TensorFlow also offers the StringLookup layer, which can be used for vocabulary generation. It translates a set of strings to integer indices and is useful for building learning models directly within TensorFlow’s ecosystem.

Here’s an example:

from tensorflow.keras.layers.experimental.preprocessing import StringLookup

# Sample tokenized Iliad dataset
tokenized_text = ["Sing", "O", "goddess", "the", "anger", "of", "Achilles"]
vocab = set(tokenized_text)

# Create the StringLookup layer
string_lookup = StringLookup(vocabulary=list(vocab))

# Encode sample tokens
encoded_tokens = string_lookup(tokenized_text)

print(encoded_tokens.numpy())

Output of the code snippet:

array([7, 6, 2, 4, 1, 5, 3], dtype=int64)

The snippet uses the StringLookup layer to build a vocabulary from the unique tokens. By calling the layer with the tokenized text as an argument, it returns the encoded tokens as integers matching the learned vocabulary.

Method 3: Building a Vocabulary with TensorFlow Datasets

TensorFlow Datasets is a collection of ready-to-use datasets, including utilities for building vocabularies.
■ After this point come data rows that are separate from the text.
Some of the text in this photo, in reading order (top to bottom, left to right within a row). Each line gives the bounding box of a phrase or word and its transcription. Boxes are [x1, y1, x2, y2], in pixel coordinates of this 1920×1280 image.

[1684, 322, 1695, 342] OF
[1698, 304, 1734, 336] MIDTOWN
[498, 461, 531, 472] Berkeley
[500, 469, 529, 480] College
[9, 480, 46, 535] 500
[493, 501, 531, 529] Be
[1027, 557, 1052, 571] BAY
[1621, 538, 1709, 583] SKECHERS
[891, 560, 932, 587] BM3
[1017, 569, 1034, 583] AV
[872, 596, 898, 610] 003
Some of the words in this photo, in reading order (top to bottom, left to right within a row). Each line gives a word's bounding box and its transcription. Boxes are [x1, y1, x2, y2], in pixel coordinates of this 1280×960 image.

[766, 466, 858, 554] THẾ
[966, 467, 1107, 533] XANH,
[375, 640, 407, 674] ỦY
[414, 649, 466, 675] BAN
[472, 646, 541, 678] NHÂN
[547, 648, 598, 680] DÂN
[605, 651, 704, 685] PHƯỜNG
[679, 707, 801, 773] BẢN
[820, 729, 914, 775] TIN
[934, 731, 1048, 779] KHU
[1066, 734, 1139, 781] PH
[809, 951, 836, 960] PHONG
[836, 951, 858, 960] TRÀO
The features.text.TokenTextEncoder class can be used for encoding text into integers suitable for model training.

Here’s an example:

import tensorflow_datasets as tfds

# Sample tokenized Iliad dataset
tokenized_text = ["Sing", "O", "goddess", "the", "anger", "of", "Achilles"]
encoder = tfds.deprecated.text.TokenTextEncoder(tokenized_text)

# Encode sample sentence
encoded_sentence = encoder.encode("Sing O goddess the anger of Achilles")

print(encoded_sentence)

Output of the code snippet:

[1, 2, 3, 4, 5, 6, 7]

The TokenTextEncoder class provided by TensorFlow Datasets package is applied to the tokenized text, creating an encoder instance. Then, a sample sentence is encoded by calling the encode method and printing the list of integers.
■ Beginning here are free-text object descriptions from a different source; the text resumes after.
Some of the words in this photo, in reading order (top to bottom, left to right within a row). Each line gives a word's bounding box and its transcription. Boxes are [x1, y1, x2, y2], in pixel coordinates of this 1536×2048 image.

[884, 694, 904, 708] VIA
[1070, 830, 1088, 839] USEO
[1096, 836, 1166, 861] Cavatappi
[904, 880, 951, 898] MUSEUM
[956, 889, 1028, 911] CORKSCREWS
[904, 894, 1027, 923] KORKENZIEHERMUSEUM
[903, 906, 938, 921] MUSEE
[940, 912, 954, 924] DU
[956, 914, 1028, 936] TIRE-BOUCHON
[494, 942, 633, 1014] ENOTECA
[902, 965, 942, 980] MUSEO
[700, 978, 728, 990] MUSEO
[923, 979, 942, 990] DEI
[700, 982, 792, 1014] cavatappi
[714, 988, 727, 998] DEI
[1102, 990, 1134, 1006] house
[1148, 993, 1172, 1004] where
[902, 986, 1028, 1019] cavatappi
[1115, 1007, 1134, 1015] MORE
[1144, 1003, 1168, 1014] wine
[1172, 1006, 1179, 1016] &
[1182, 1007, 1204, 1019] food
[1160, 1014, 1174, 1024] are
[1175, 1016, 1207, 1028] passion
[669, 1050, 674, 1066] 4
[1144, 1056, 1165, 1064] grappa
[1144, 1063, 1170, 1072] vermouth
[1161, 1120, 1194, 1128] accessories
Method 4: TensorFlow Text APIs for Vocabulary Construction

The TensorFlow Text library offers APIs that are especially optimized for text processing. It includes utilities for building vocabularies from tokenized text, which can be very handy for processing large datasets like the Iliad.

Here’s an example:

import tensorflow_text as text

# Sample tokenized Iliad dataset
tokenized_text = ["Sing", "O", "goddess", "the", "anger", "of", "Achilles"]
vocab = set(tokenized_text)

# Create a TextVectorization layer
vectorization_layer = text.TextVectorization(vocabulary=vocab)

# Vocabulary mapping
print(vectorization_layer.get_vocabulary())

Output of the code snippet:

['anger', 'Sing', 'O', 'goddess', 'the', 'of', 'Achilles']
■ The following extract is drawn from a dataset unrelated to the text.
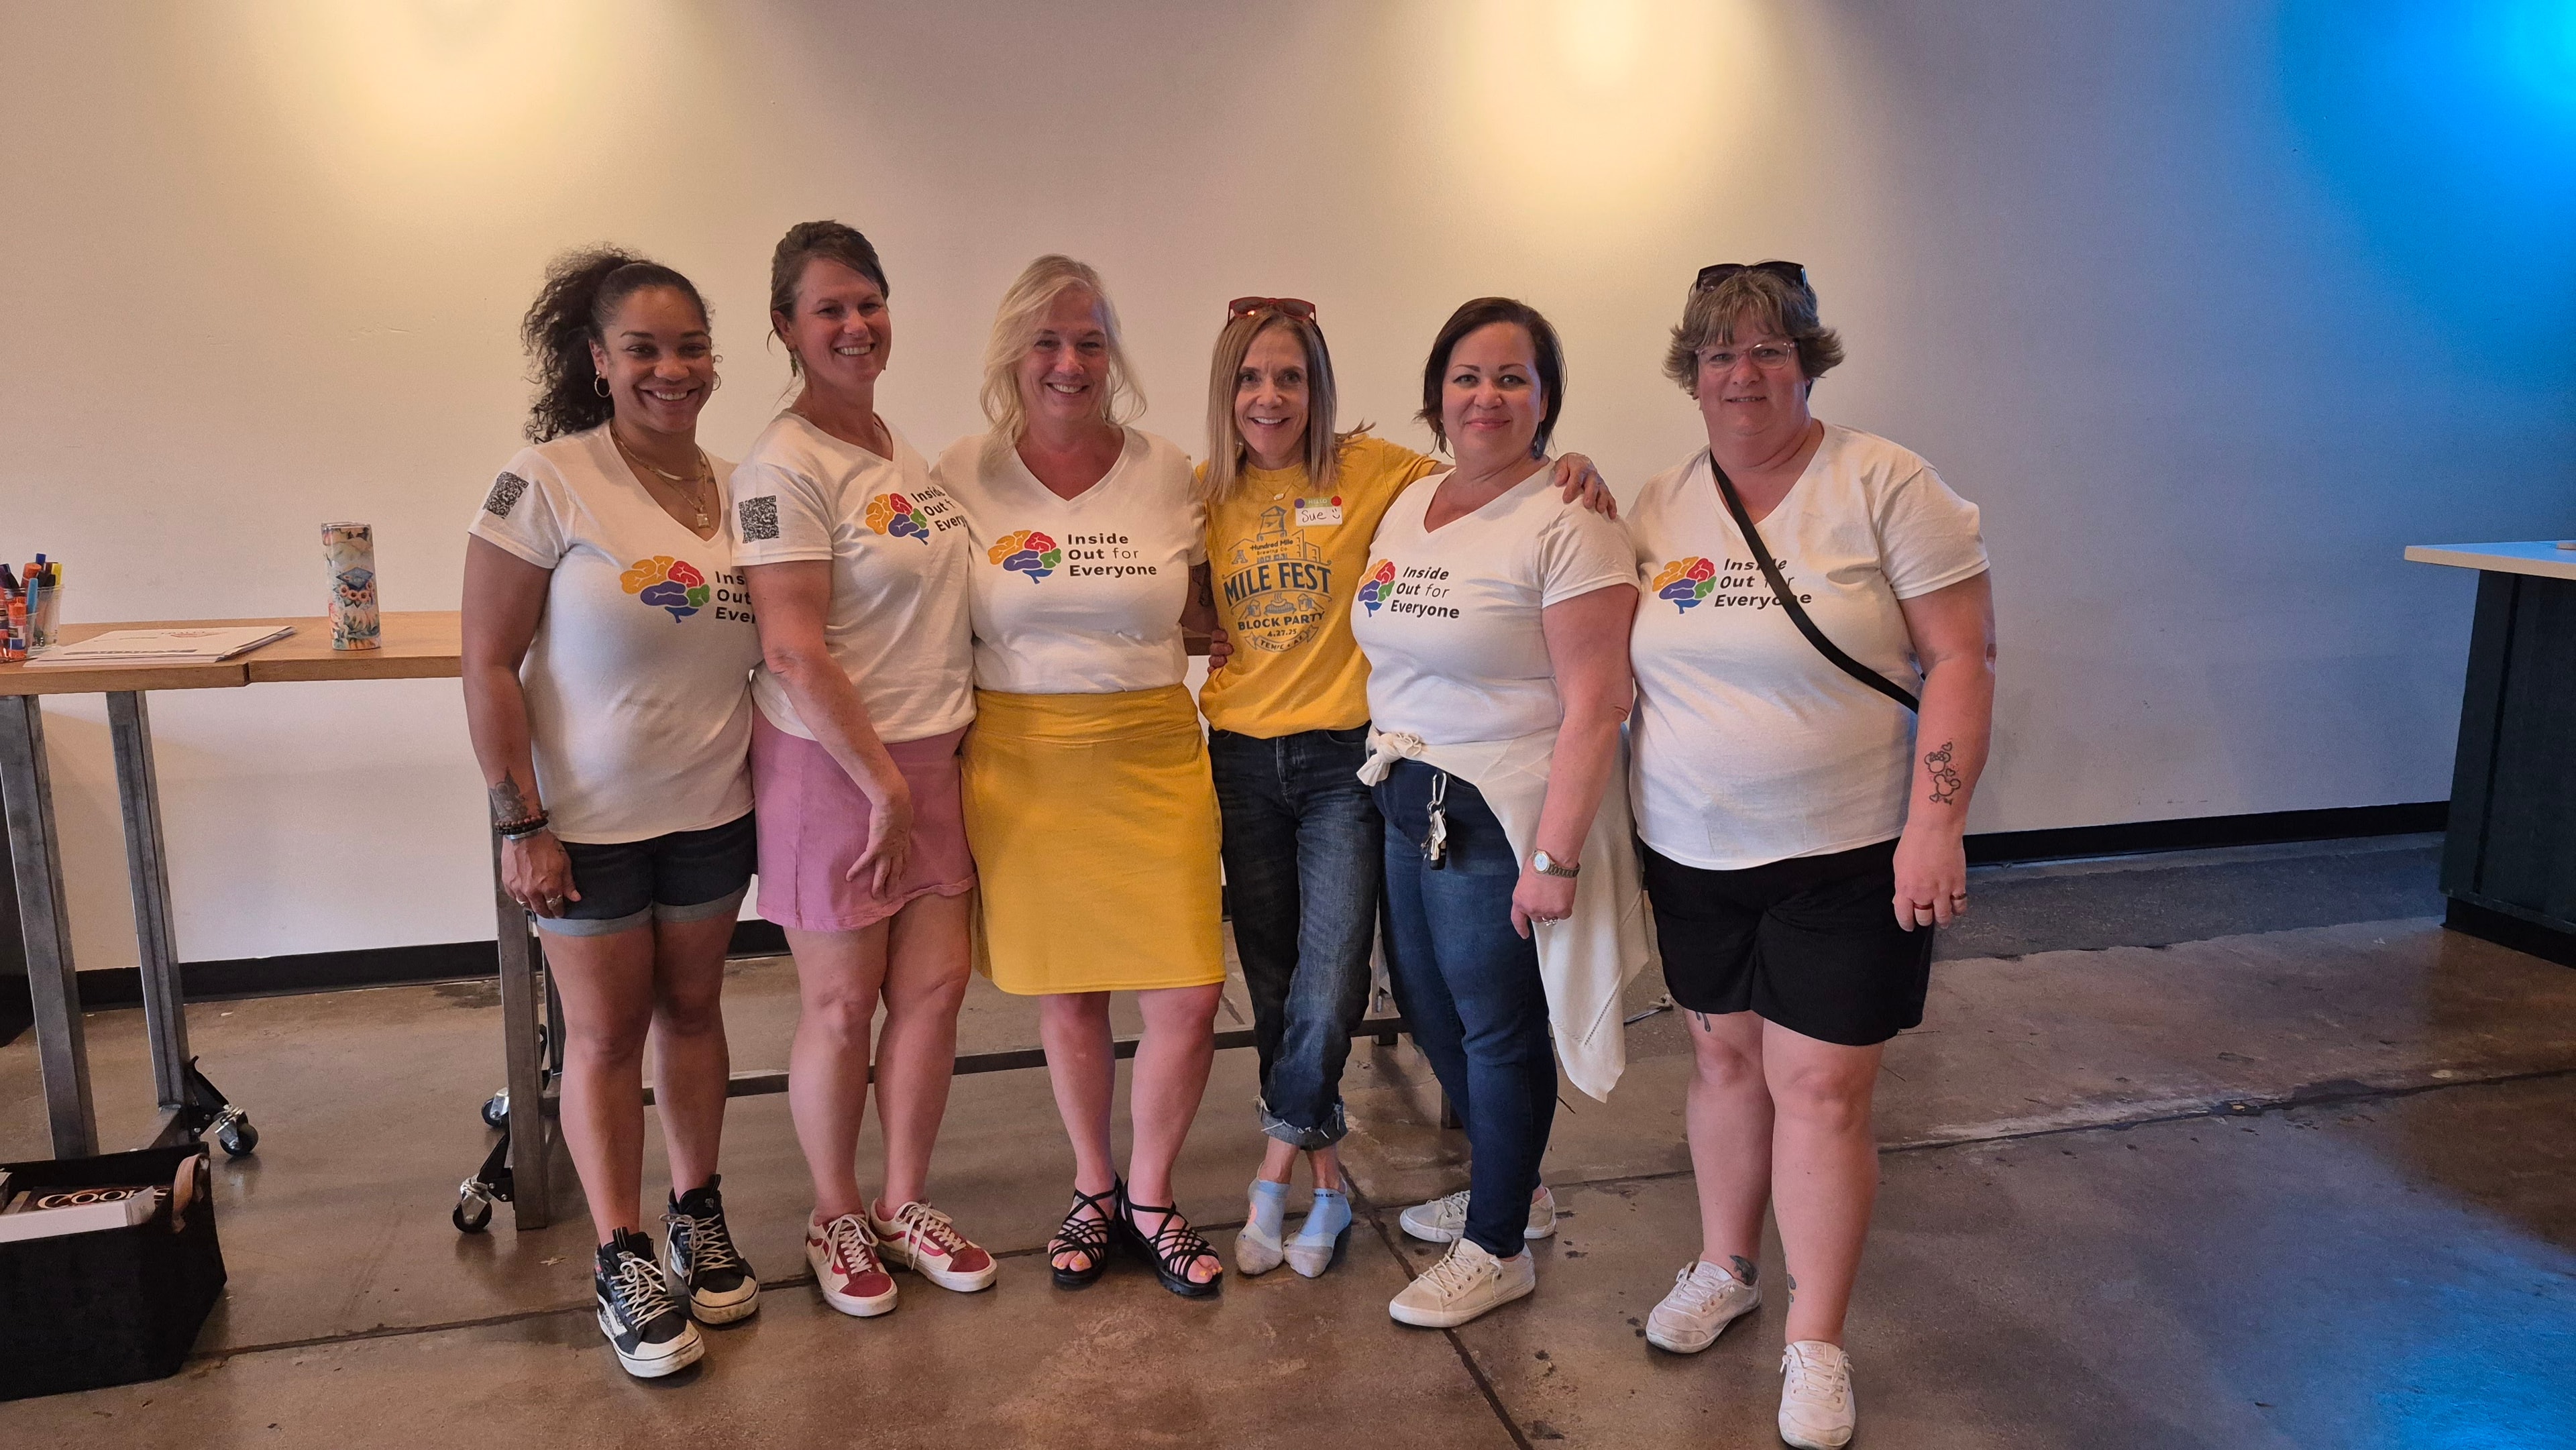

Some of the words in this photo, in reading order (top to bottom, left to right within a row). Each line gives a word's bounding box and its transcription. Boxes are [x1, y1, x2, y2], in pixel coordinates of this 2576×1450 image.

In this code, a TextVectorization layer from TensorFlow Text is used to create a vocabulary. The layer is initialized with the unique words from the tokenized text, and the vocabulary can be retrieved with the get_vocabulary method.

Bonus One-Liner Method 5: Vocabulary with Python Collections

A quick solution for building a vocabulary from a list of tokenized words can also be achieved using Python’s built-in Collections library.

Here’s an example:

from collections import Counter

# Sample tokenized Iliad dataset
tokenized_text = ["Sing", "O", "goddess", "the", "anger", "of", "Achilles"]

# Building vocabulary with Counter
vocab = Counter(tokenized_text)

print(vocab)

Output of the code snippet:

Counter({'Sing': 1, 'O': 1, 'goddess': 1, 'the': 1, 'anger': 1, 'of': 1, 'Achilles': 1})

This one-liner utilizes Counter from Python’s Collections to build the vocabulary. The function creates a dictionary where the keys are the words and the values are their counts.

Summary/Discussion

  • Method 1: TensorFlow Keras Tokenizer. Strengths: Easy to use, integrates directly with Keras. Weaknesses: Limited customizability.
  • Method 2: TensorFlow’s StringLookup layer. Strengths: Direct integration with TensorFlow, good for large vocabularies. Weaknesses: Less flexibility compared to full-feature NLP libraries.
  • Method 3: TensorFlow Datasets’ TokenTextEncoder. Strengths: Designed for datasets available through TensorFlow Datasets. Weaknesses: Dependent on the tfds library which may not include all datasets.
  • Method 4: TensorFlow Text APIs. Strengths: Offers advanced text processing capabilities. Weaknesses: Adds an extra library dependency.
  • Bonus Method 5: Python Collections Counter. Strengths: Simple and requires no external libraries. Weaknesses: Basic functionality with no direct TensorFlow integration.